Before Troy Davis: A History of Contested Death Penalty Cases
...Of course, every death penalty case comes wrapped in some degree of debate, given deep disagreement over whether the death penalty is ever moral. Here is a by-no-means-exhaustive list of some of the most controversial cases of the 20th and 21st centuries:
Sacco and Vanzetti: Italian Anarchists (1927)
Death penalty controversy is not a new phenomenon. Italian immigrants Ferdinando Nicola Sacco and Bartolomeo Vanzetti were executed in 1927 after a highly contested series of trials over the shooting death of two men during a 1920 armed robbery. [The History of Human Aggression]

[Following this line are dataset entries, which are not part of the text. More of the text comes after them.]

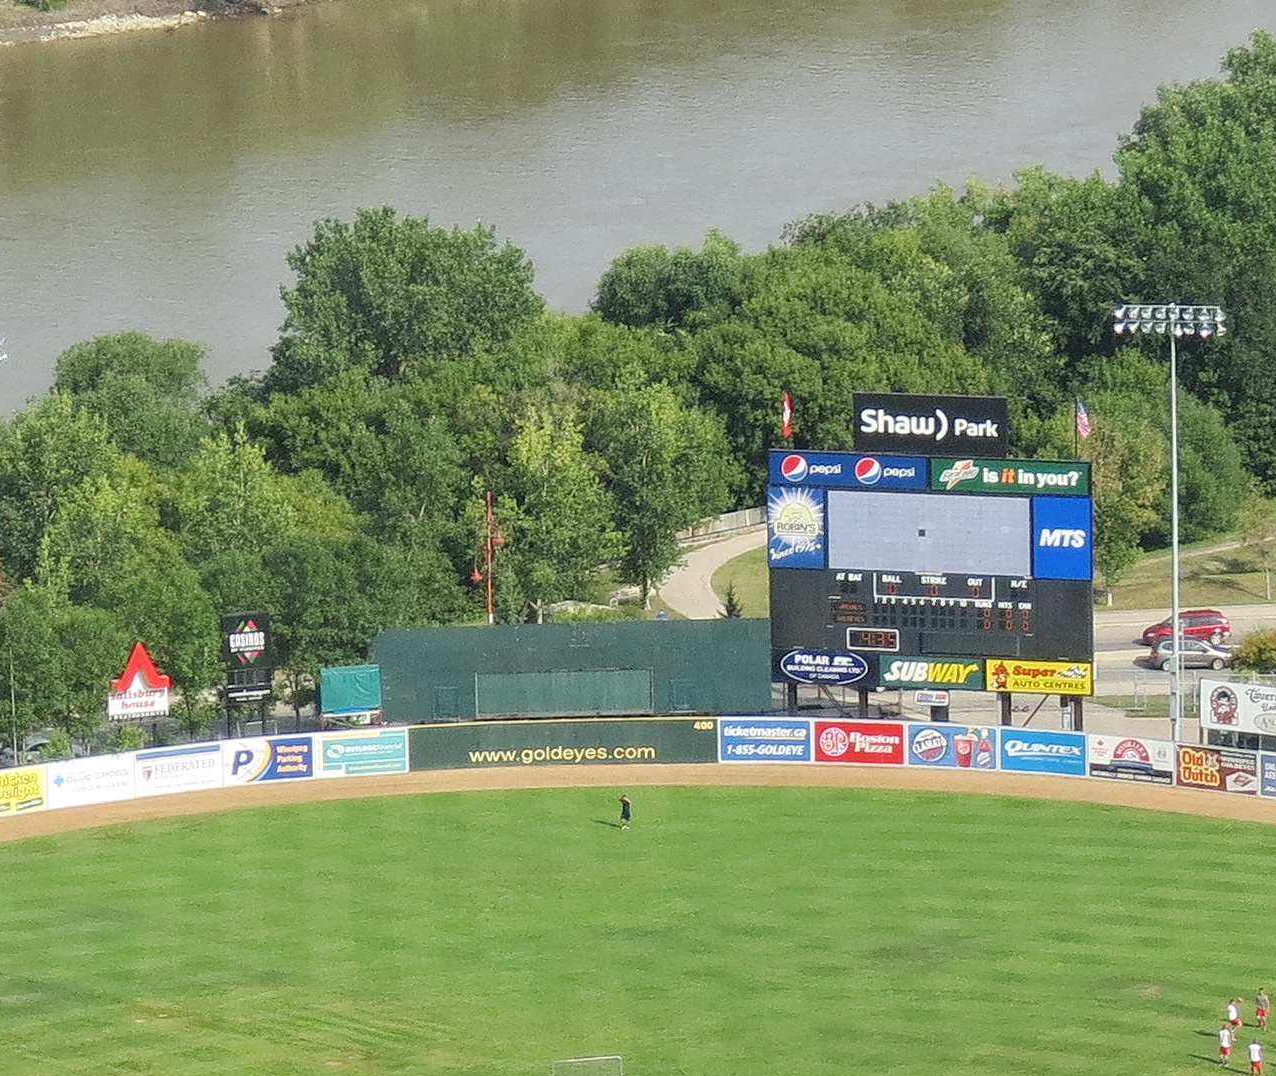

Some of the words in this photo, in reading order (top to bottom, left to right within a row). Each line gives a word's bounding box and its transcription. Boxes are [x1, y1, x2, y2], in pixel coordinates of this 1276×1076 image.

[954, 417, 999, 438] Park
[809, 463, 842, 475] pepsi
[882, 466, 916, 478] pepsi
[982, 467, 998, 483] is
[1001, 467, 1016, 483] it
[1018, 467, 1034, 484] in
[1036, 470, 1080, 488] you?
[1039, 529, 1087, 548] MTS
[882, 574, 902, 583] BALL
[921, 576, 947, 585] STRIKE
[967, 578, 983, 586] OUT
[229, 632, 265, 648] CASINOS
[794, 654, 829, 665] POLAR
[883, 660, 980, 684] SUBWAY
[1013, 665, 1057, 679] Super
[1013, 680, 1040, 688] AUTO
[1043, 681, 1085, 690] CENTRES
[121, 700, 156, 710] house
[693, 720, 714, 730] 400
[723, 725, 807, 739] ticketmaster.ca
[849, 731, 900, 745] Boston
[469, 745, 656, 764] www.goldeyes.com
[726, 743, 805, 756] 1-855-GOLDEYE
[853, 742, 893, 753] Pizza
[1004, 739, 1084, 757] QUINTEX
[231, 750, 254, 776] P
[1182, 750, 1204, 767] Old
[154, 758, 216, 774] FEDERATED
[94, 769, 130, 780] CROSS
[1182, 767, 1219, 784] Dutch
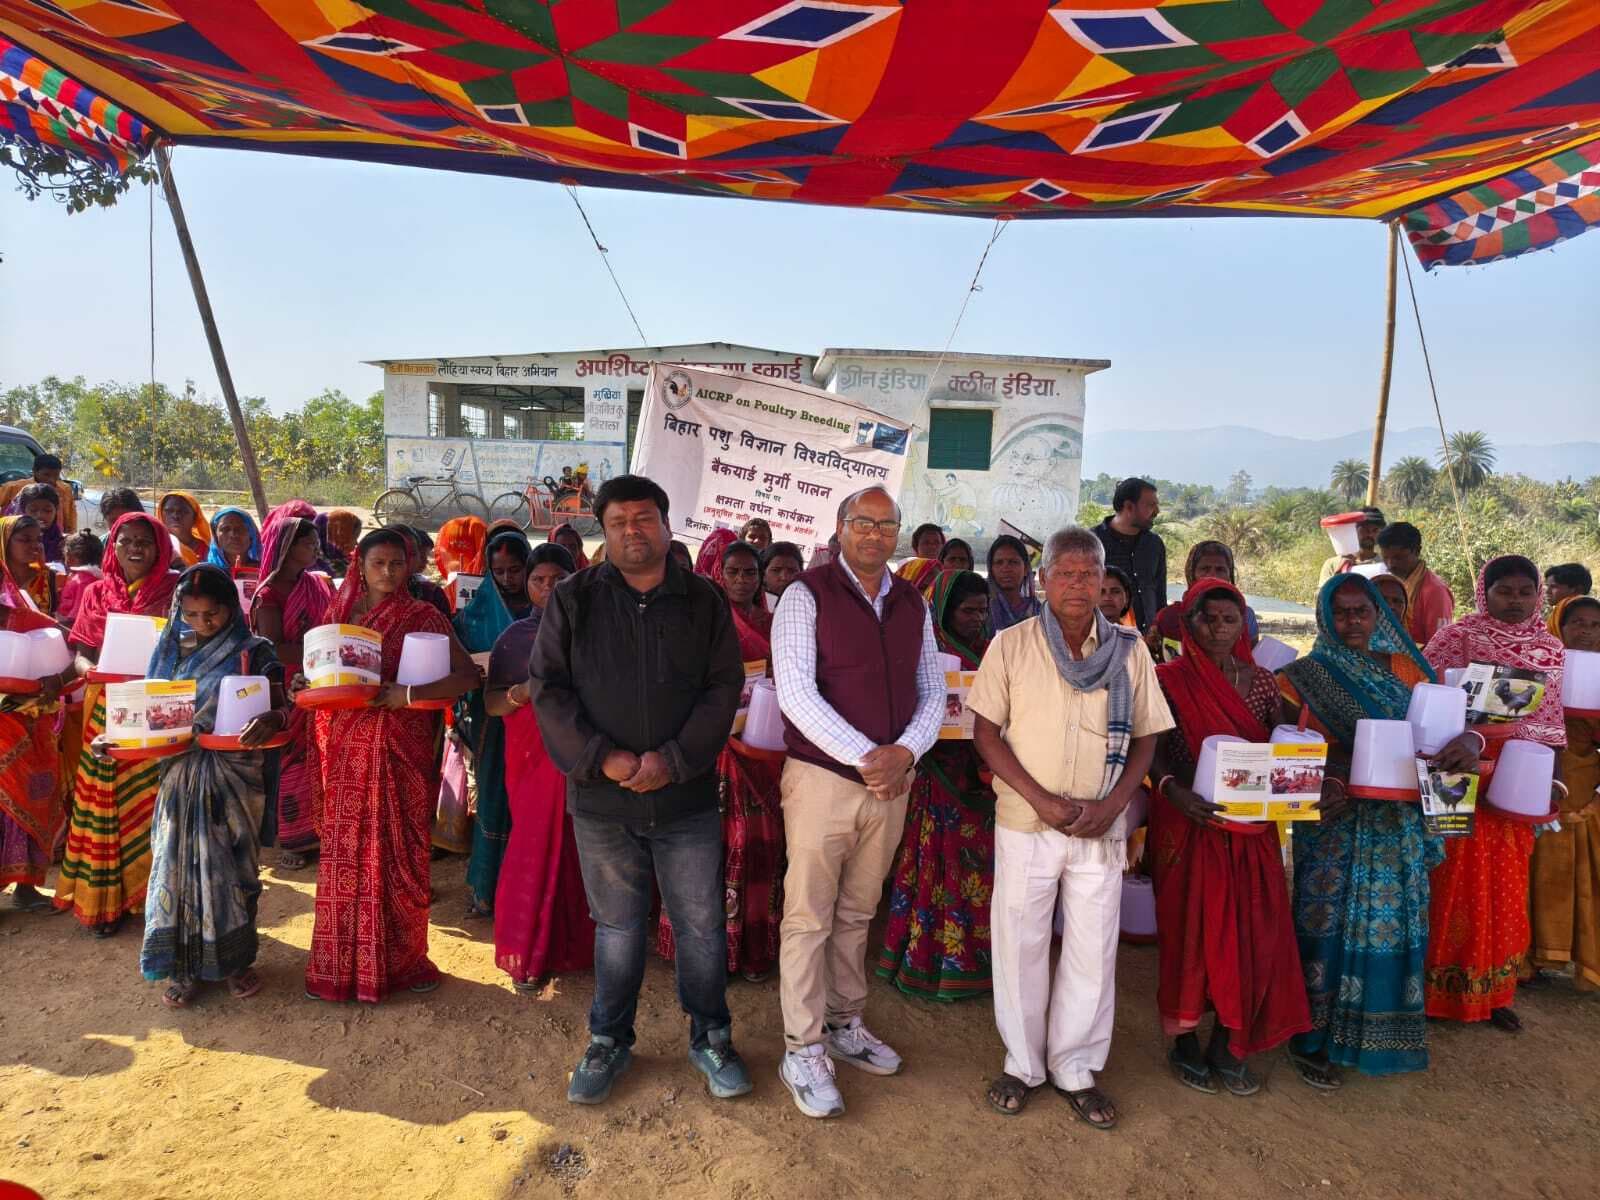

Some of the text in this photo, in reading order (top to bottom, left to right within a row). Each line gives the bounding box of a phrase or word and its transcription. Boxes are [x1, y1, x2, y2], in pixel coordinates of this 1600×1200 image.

[496, 362, 520, 377] बिहार
[521, 363, 559, 377] अभियान
[695, 388, 734, 404] AICRP
[736, 397, 751, 408] on
[754, 400, 798, 419] Poultry
[801, 410, 852, 434] Breeding
[664, 414, 702, 437] बिहार
[709, 427, 733, 451] पशु
[740, 430, 787, 456] विज्ञान
[711, 457, 832, 500] बैकयार्ड मुर्गी पालन
[716, 494, 815, 525] क्षमता वर्धन कार्यक्रम

Sacco and Vanzetti were followers of Italian anarchist Luigi Galleani, and anti-Italian sentiment almost certainly played a role in their execution, Radelet said. The accused men waged a then-unprecedented six-year legal battle that went all the way to the Supreme Court twice, and public figures (Albert Einstein among them) called for new trials. But even a confession to the murders by another man, ex-convict Celestino Madeiros, could not save Sacco and Vanzetti's lives. They died in the electric chair on Aug. 23, 1927. Later, several anarchist leaders spoke out to say that Sacco was guilty but Venzetti was not, though historians still debate whether either man really pulled the trigger.
The Scottsboro Boys: Race in Alabama (1931)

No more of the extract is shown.